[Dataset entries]
=== Section Start ===
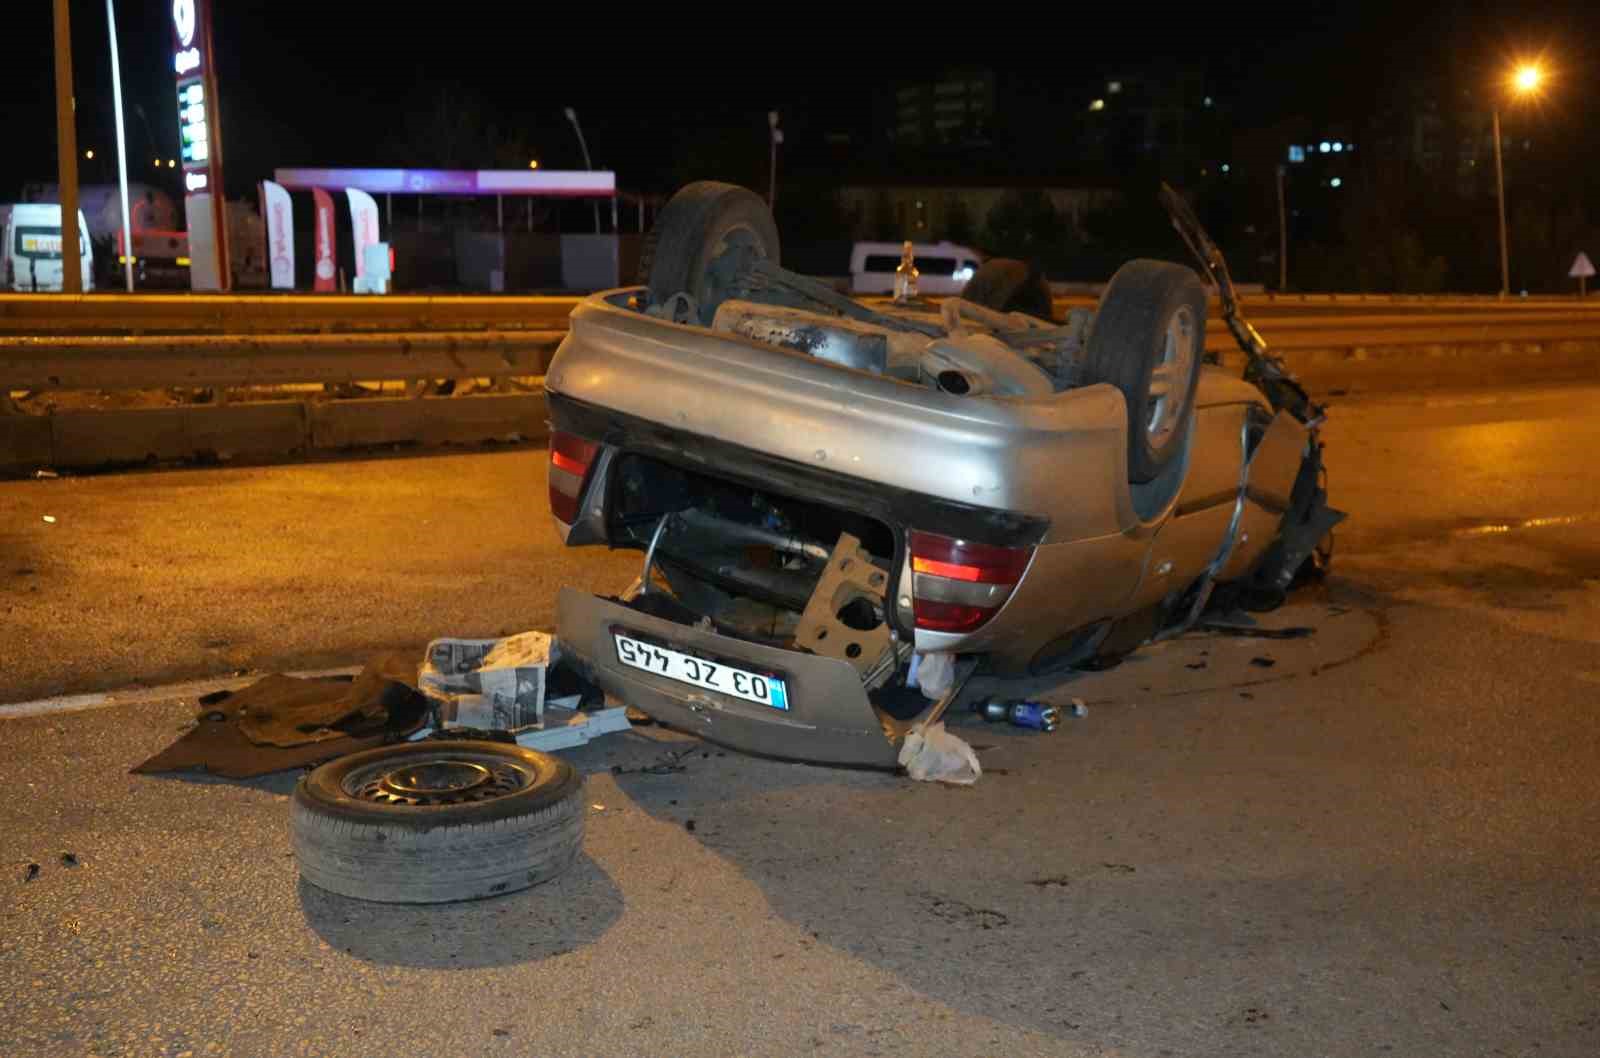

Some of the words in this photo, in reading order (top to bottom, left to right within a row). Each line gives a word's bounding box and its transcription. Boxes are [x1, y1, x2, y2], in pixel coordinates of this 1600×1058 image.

[620, 638, 670, 673] 445
[685, 658, 720, 687] ZC
[733, 671, 768, 700] 03
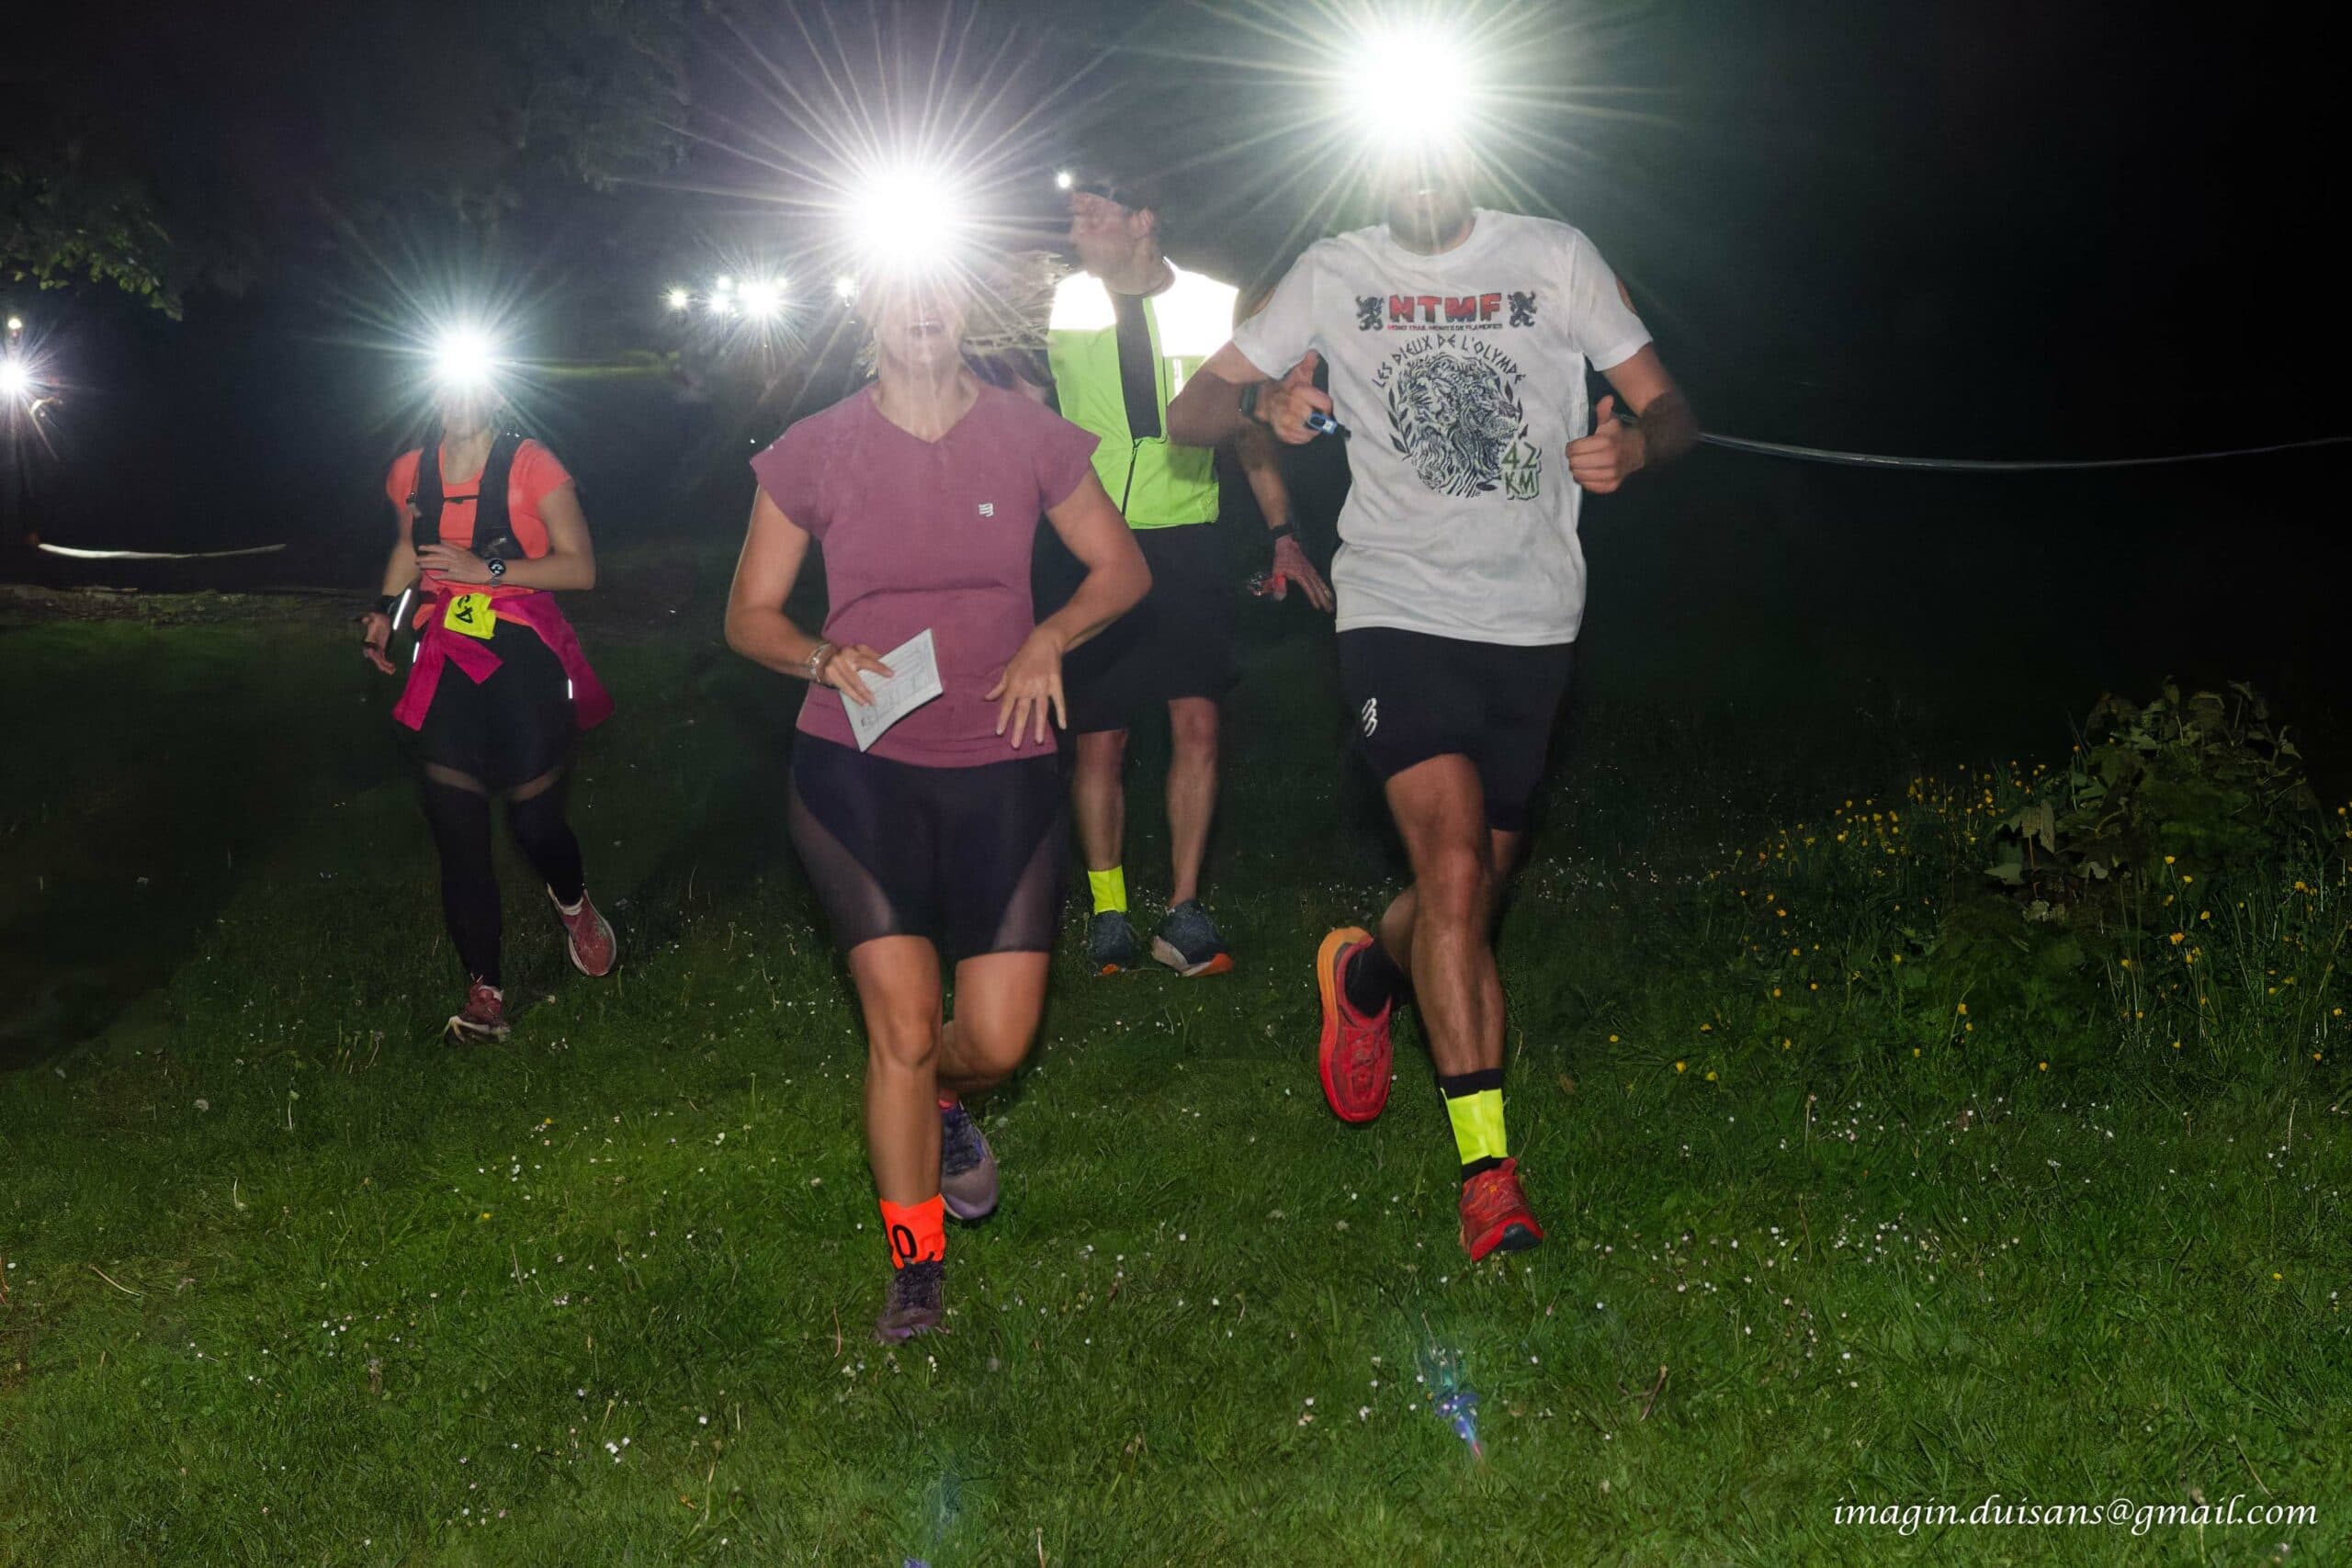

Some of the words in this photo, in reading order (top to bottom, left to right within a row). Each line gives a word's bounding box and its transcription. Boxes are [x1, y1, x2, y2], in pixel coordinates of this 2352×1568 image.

[1389, 292, 1502, 323] NTMF
[1372, 361, 1393, 389] LES
[1391, 334, 1433, 366] DIEUX
[1437, 333, 1456, 349] DE
[1462, 334, 1527, 386] L'OLYMPE
[1501, 441, 1539, 469] 42
[1505, 469, 1538, 498] KM
=== Section End ===
▶ **What is needed**
Starting at the line with "this 2352×1568 image.", copy every line down to the last one above, exactly as written and with nothing else.

▶ **Answer area**
Some of the words in this photo, in reading order (top to bottom, left to right within a row). Each line gives a word's bounding box and its transcription. Boxes are [x1, y1, x2, y2], in pixel coordinates of this 2352×1568 image.

[1389, 292, 1502, 323] NTMF
[1372, 361, 1393, 389] LES
[1391, 334, 1433, 366] DIEUX
[1437, 333, 1456, 349] DE
[1462, 334, 1527, 386] L'OLYMPE
[1501, 441, 1539, 469] 42
[1505, 469, 1538, 498] KM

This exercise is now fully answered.